The Social Justice Task Force was guided by several essential questions which helped support its exploration of social justice oral history.
- What does it mean to conform oral history to those we learn from?
- How might our procedures, methodology, and intent change if we operate in conversation with the guiding principles of vulnerable communities and activists’ ideals and missions?
- What does it mean to accept that oral history work is political, particularly with regard to social justice groups and vulnerable communities?
- How can we embrace this reality and operate accordingly?
- What are oral history ethics without accountability?
The SJTF answered these questions in two ways. First, it defined Social Justice Oral History by ethical and procedural focus on the narrator (concerns, vulnerabilities, and desires). Second, it centered on a consistent effort to co-create and share power. This approach challenged previous authority that heavily weighted the interviewers and future researchers over the narrator. This recentering process requires a flexible approach which may alter project course. This flexibility is guided by 1) action steps that move listening beyond the audio to listening with an ear toward power sharing before, during, and after interview, 2) redirection away from institutionalized ideological methods, 3) expanded community definition, and 4) extended accountability. Specifically, SJTF defines listening as project co-creation. If desired, community members are included within structure, preservation, access, usage, text production, and multiple other areas of hidden and not hidden processes in oral history creation.

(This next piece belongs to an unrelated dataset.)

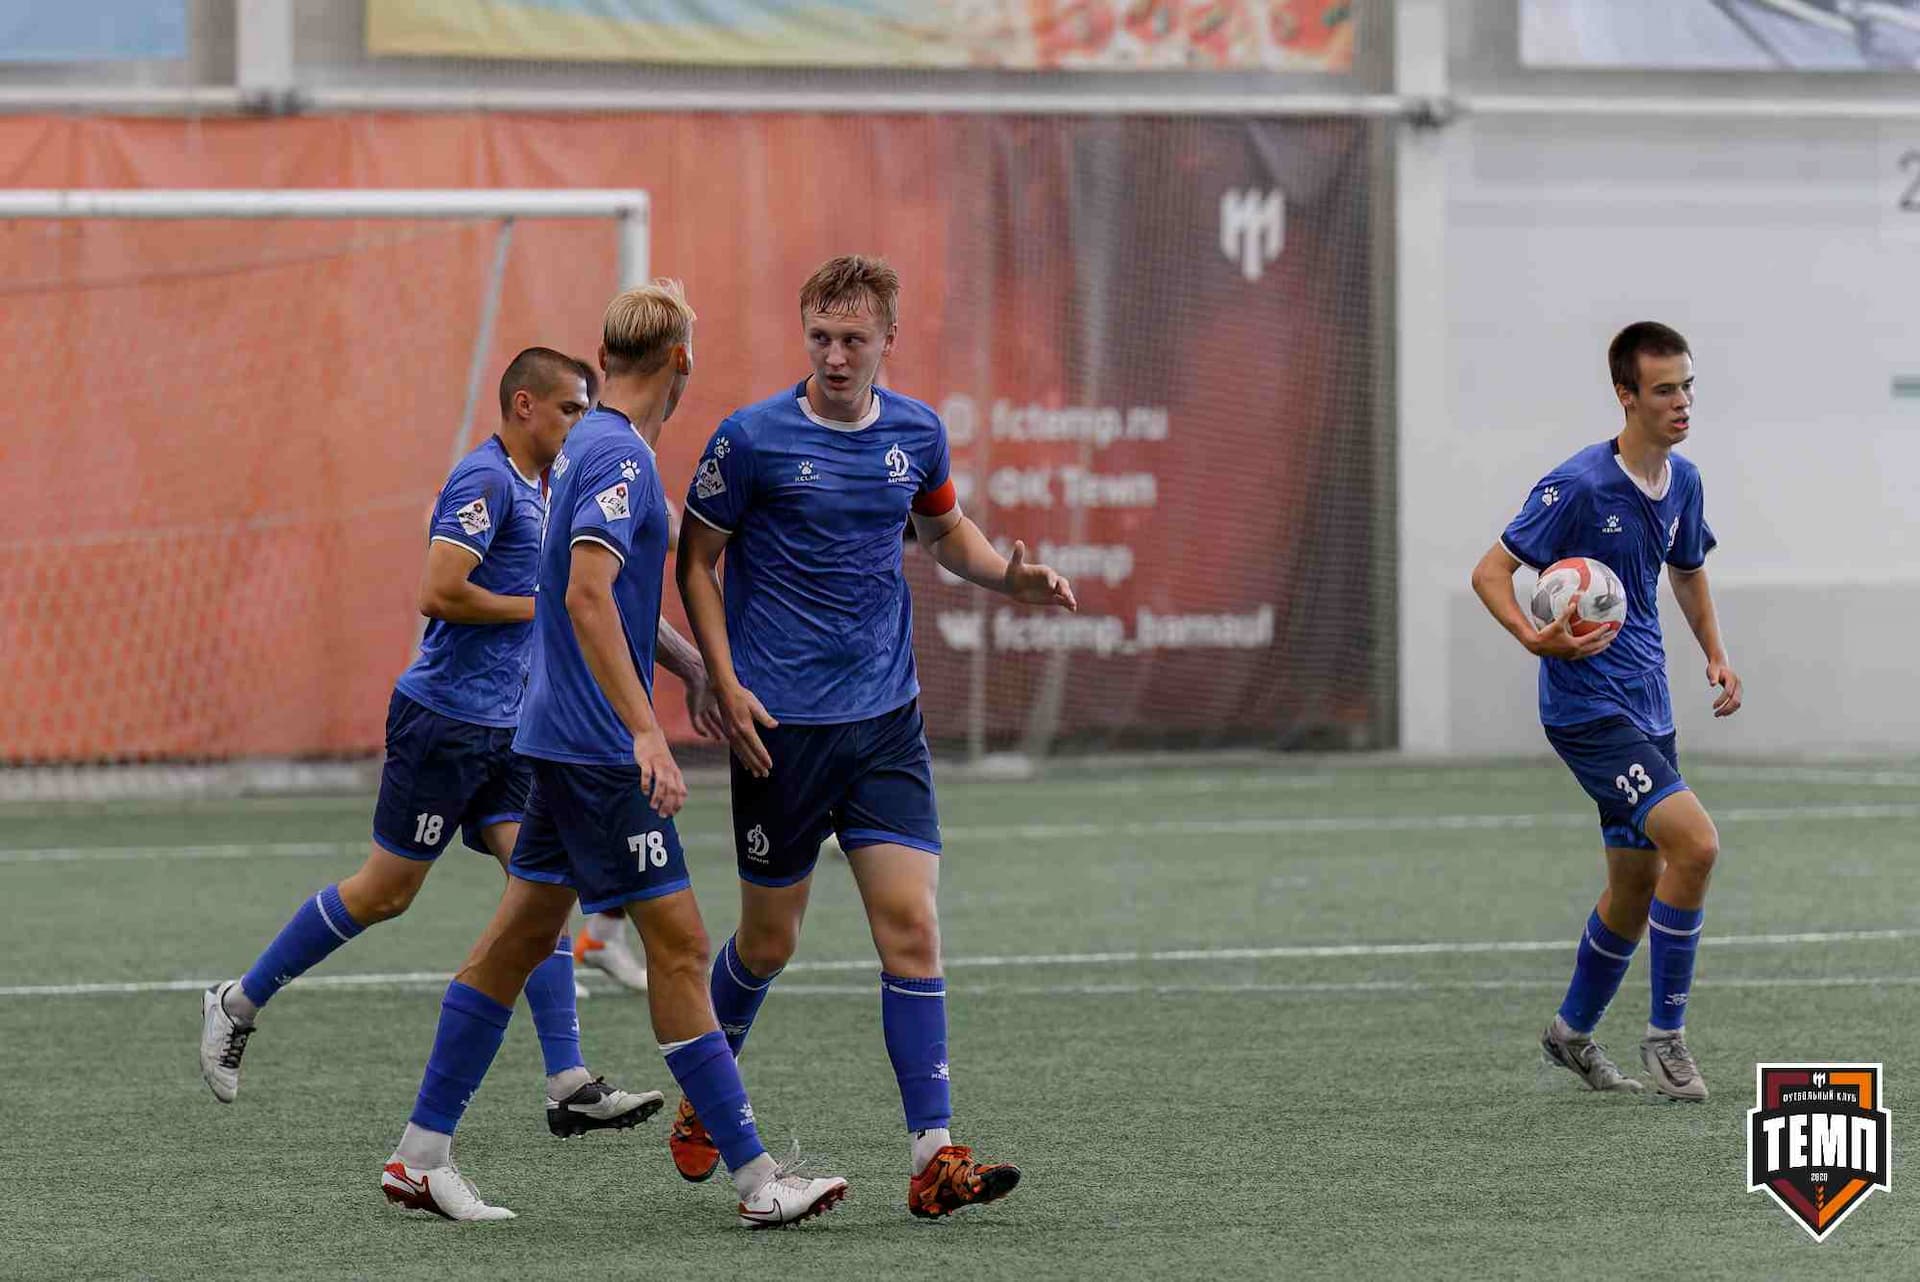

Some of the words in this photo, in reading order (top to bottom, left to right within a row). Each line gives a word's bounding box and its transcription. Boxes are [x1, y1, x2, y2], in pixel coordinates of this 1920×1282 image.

First, these action steps nullify academic monopoly. SJTF centers the beliefs and/or needs of vulnerable communities over institutional practices, which historically normalize the institution’s own standards as the only standard. Academic validation, institutionally-driven oral history projects, funding fixation, preservation expectations, and researcher interest must be subordinate to community stipulations. Ethically-centered oral history projects avoid extraction, exploitation, and entrenched power structures.
Second, extraction includes methods that are preconceived and preconstructed toward interviewer/researcher-centric interests. For example, researcher-centric approaches create permission forms that define narrator stories as secured contracts of ownership. Instead, social justice praxis sees community collaboration as a continuing relationship with an expectation of lifetime respect, active partnership, and free access. For extended conversation on these ideas, see the SJTF reference page.

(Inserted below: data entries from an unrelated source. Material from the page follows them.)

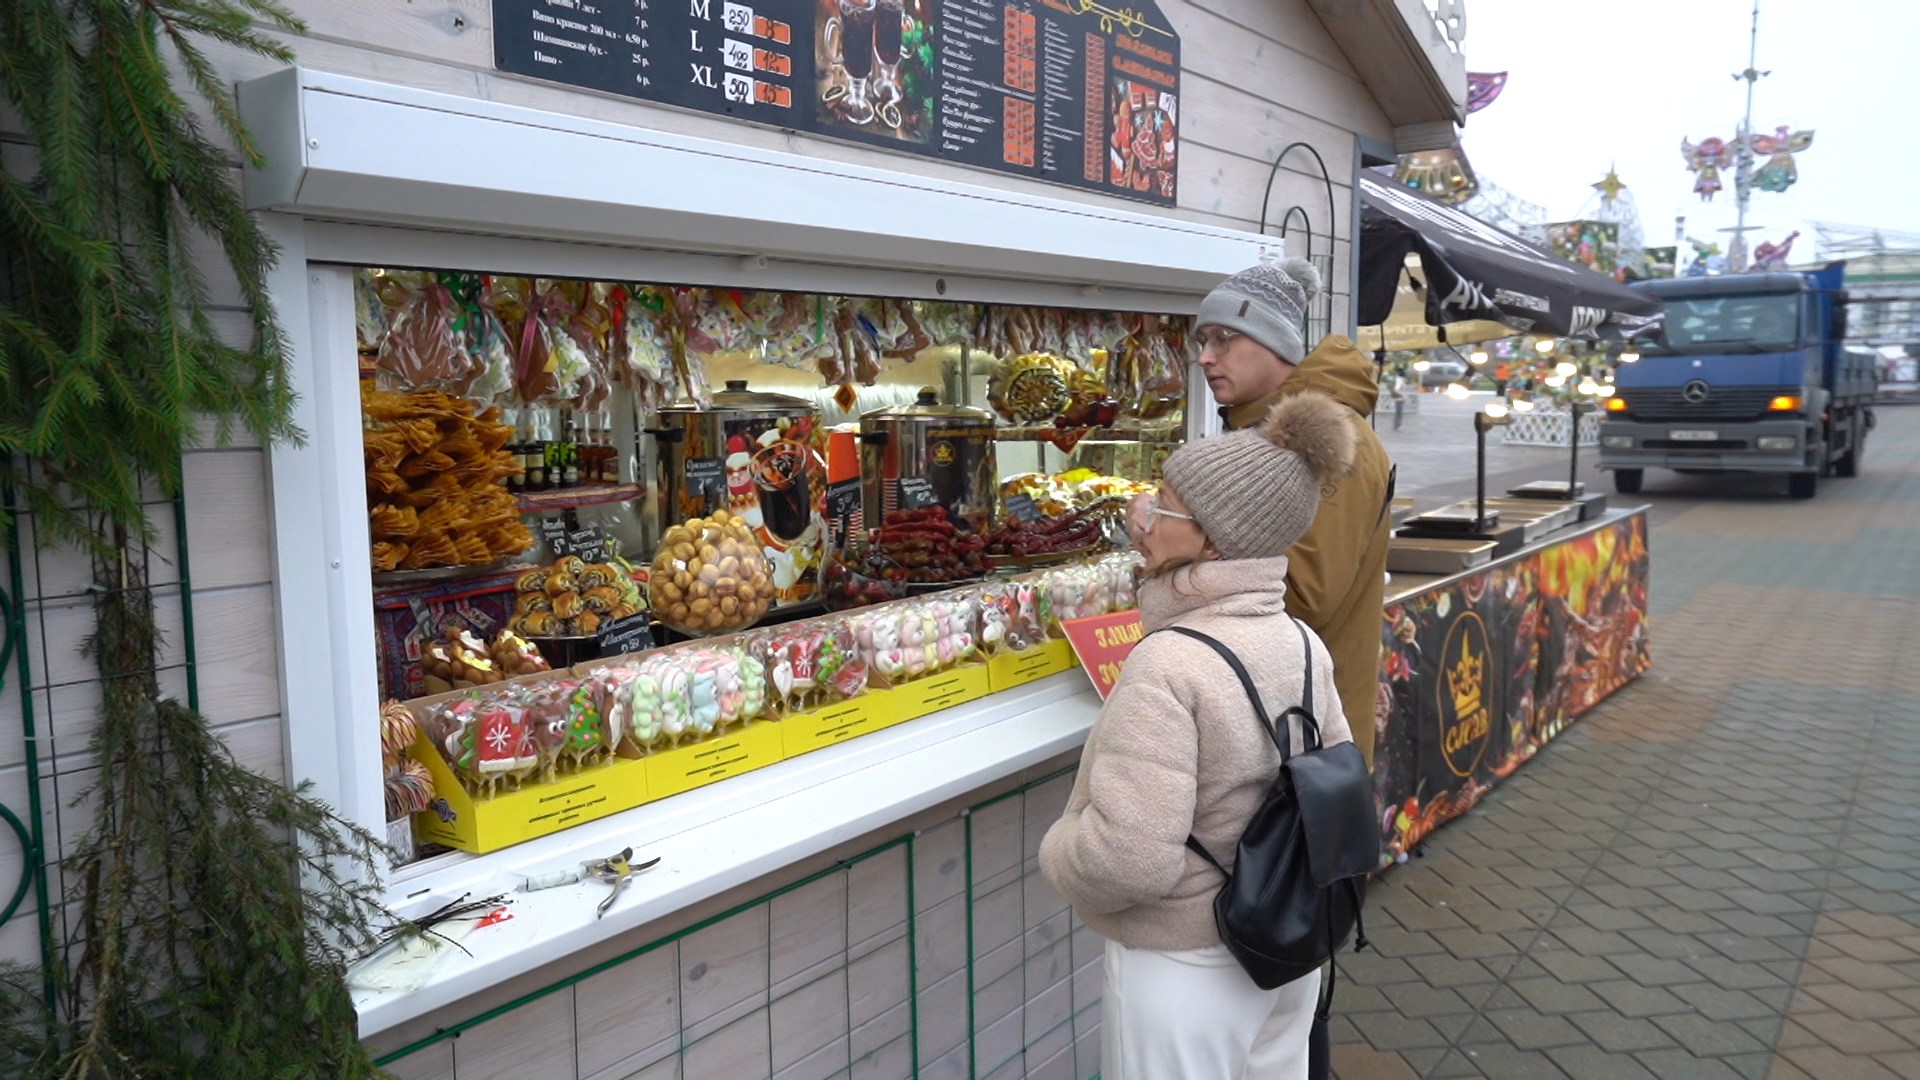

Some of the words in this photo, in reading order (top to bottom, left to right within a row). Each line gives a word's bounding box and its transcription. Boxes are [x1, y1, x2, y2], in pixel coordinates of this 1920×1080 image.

[690, 0, 710, 20] M
[729, 9, 749, 26] 250
[590, 24, 604, 35] 200
[690, 29, 703, 52] L
[728, 43, 749, 61] 400
[691, 63, 717, 88] XL
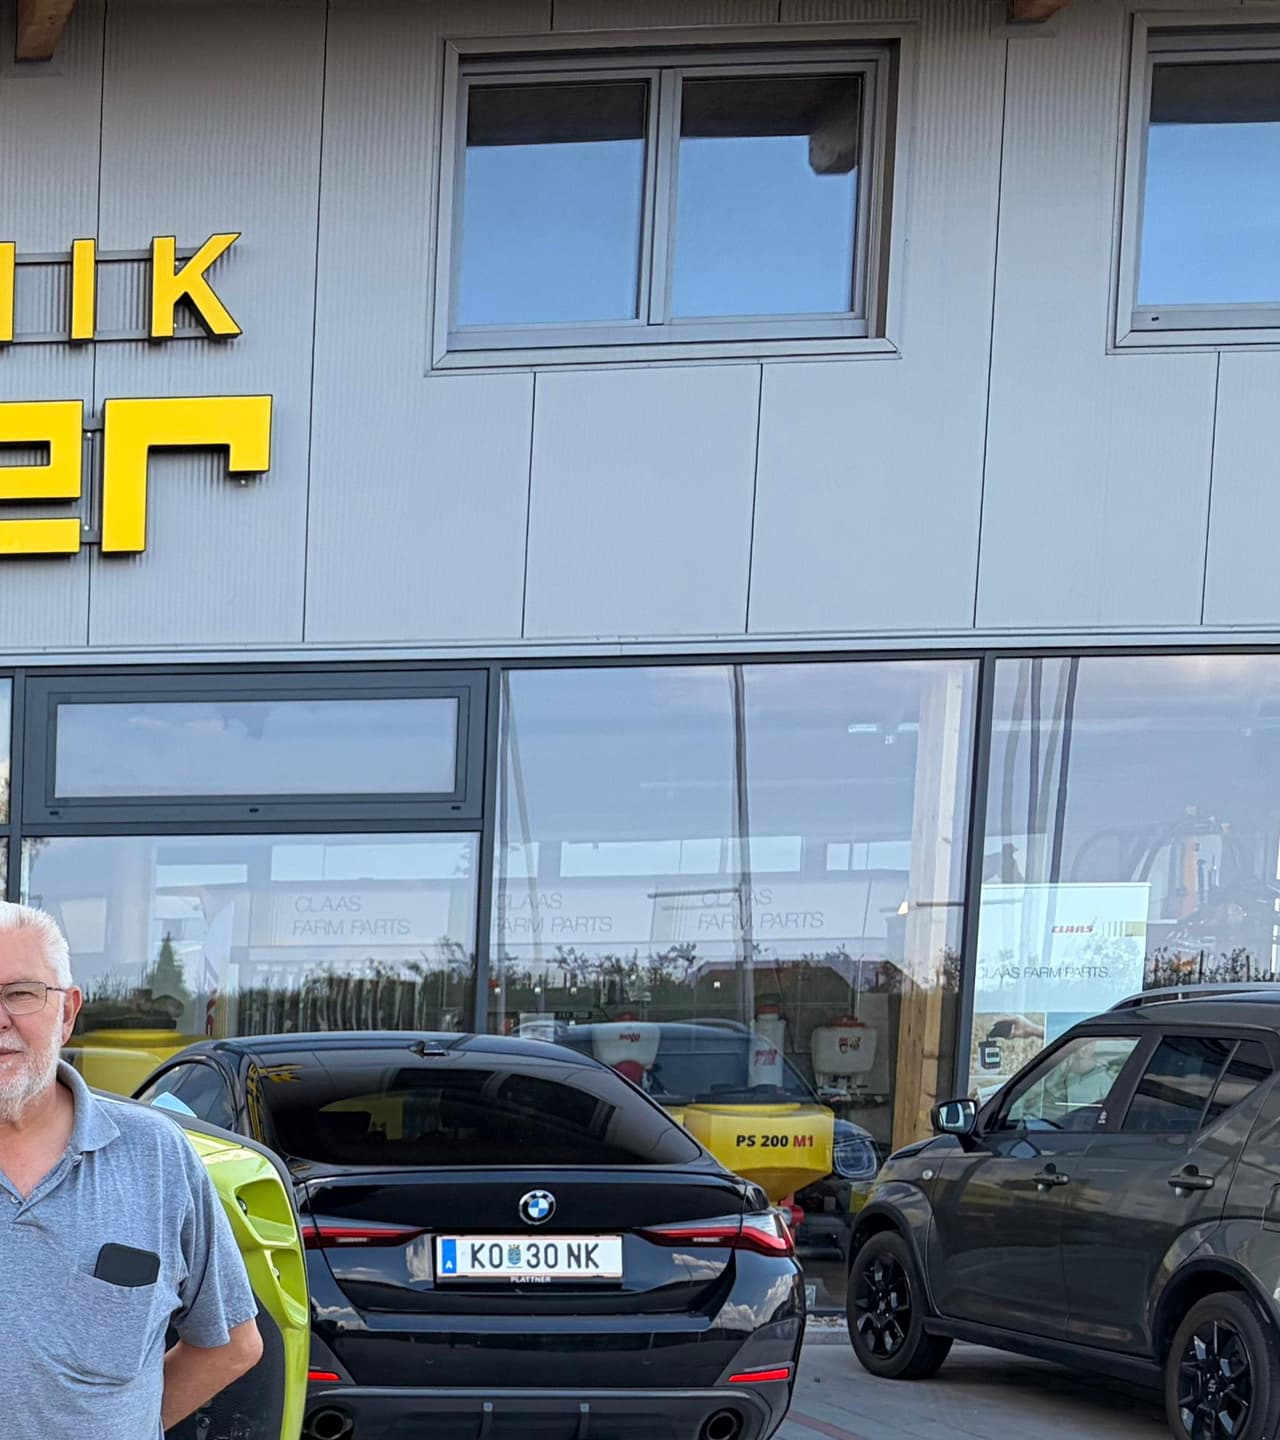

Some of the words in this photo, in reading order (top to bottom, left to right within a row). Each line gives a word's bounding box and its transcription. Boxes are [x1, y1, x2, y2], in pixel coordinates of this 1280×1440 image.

Third, these contentious power dynamics also directed SJTF’s considerations in defining communities by circumstances that demand greater power sharing and protection community as a group of individuals who share a collective geographic space, experience, or level of ownership of the content being shared. SJTF recognizes the essential need to intentionally address vulnerable communities within these definitions to acknowledge both the insecure circumstances of many narrators and the rights of persons impacted, connected, or referenced by oral history participants.
Fourth, Black Lives Matter surveillance, the Sabaya and The Infiltrators documentaries, and the Boston College Belfast Project cases demonstrate the obvious and pernicious perils of ignoring potential risks to narrators or narrowly defining community to active project participants. The Sabaya documentary controversy reveals how filmmakers ignored the dangers posed by public exposure for Yazidi women brutalized by sexual exploitation, and issues around language differences. Black Lives Matter surveillance, The Infiltrators documentary, and the Belfast Project all illustrate how the state can use oral history to overpower institutions or target individuals. The Belfast case also demonstrates how the individual narrator is not the only consideration. All persons who knew, worked, and lived with the narrator may also face threat. In this case, and reflected in much social-justice-centered work, vulnerability is collective as much as it is individual. Oral historians who power share must actively raise questions about third-party interference as well as potentially respond to factors that may affect narrators and their communities.
SJTF sees accountability as a protective pre-measure for vulnerable communities or cases that may involve state or societal harassment and violence. Black, Indigenous, and LGBTQ communities are example groups which grapple with issues of protection around identity and activism. Some storytelling can make groups further susceptible to surveillance, harassment, and other forms of violence. As oral historians, we must enter this work with that consideration and understand the potential consequences. Having transparent conversations with narrators and community members will help center on their safety and well-being. Finally, this decision-making occurs within the context of an evolving relationship and recognizes how changing social and political contexts may invite a revisiting of these decisions.
Fundamentally, we believe that oral history must not only center the narrator, but that oral history work itself must be transformed and guided by the most vulnerable. Social-justice-based oral history reminds us to enact ethical oral history. As asserted by task force member Sherrie Tucker,
“We seek narrators not from the idea that their stories must be included in the historical record, but that the paradigms that excluded them in the first place are challenged and reshaped as a result.”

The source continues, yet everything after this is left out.